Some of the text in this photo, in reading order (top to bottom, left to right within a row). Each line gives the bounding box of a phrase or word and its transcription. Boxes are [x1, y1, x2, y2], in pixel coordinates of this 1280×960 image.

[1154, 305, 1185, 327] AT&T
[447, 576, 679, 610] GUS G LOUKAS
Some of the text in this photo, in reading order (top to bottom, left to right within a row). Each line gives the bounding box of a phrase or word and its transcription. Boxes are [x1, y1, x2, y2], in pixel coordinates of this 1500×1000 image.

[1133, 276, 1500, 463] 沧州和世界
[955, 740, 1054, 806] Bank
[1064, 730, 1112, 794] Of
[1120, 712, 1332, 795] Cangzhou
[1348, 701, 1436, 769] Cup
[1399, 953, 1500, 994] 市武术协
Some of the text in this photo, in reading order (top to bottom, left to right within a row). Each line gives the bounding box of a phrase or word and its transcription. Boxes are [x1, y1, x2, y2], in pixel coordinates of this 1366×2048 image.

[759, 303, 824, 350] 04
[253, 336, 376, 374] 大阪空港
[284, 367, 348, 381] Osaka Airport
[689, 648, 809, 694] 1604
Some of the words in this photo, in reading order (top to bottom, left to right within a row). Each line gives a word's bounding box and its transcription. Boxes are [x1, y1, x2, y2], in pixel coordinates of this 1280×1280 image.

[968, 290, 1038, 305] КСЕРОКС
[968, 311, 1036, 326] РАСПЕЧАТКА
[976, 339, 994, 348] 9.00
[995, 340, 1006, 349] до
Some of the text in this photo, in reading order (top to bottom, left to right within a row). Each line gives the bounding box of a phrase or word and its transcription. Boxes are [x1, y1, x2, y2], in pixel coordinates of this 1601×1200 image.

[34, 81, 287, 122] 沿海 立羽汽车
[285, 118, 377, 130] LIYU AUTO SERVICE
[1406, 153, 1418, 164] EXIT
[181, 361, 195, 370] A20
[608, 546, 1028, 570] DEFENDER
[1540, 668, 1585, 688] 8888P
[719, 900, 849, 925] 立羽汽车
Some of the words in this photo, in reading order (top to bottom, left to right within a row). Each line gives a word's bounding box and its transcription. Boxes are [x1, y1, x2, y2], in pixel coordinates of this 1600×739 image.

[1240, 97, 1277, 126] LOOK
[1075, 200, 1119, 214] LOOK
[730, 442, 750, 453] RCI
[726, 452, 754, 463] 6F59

**WHAT YOU SHOULD DO:** Give back, word for word, the lines from the one with "this 1600×739 image." through the last line of the entries, both included, and no other line.

**TASK RESPONSE:**
Some of the words in this photo, in reading order (top to bottom, left to right within a row). Each line gives a word's bounding box and its transcription. Boxes are [x1, y1, x2, y2], in pixel coordinates of this 1600×739 image.

[1240, 97, 1277, 126] LOOK
[1075, 200, 1119, 214] LOOK
[730, 442, 750, 453] RCI
[726, 452, 754, 463] 6F59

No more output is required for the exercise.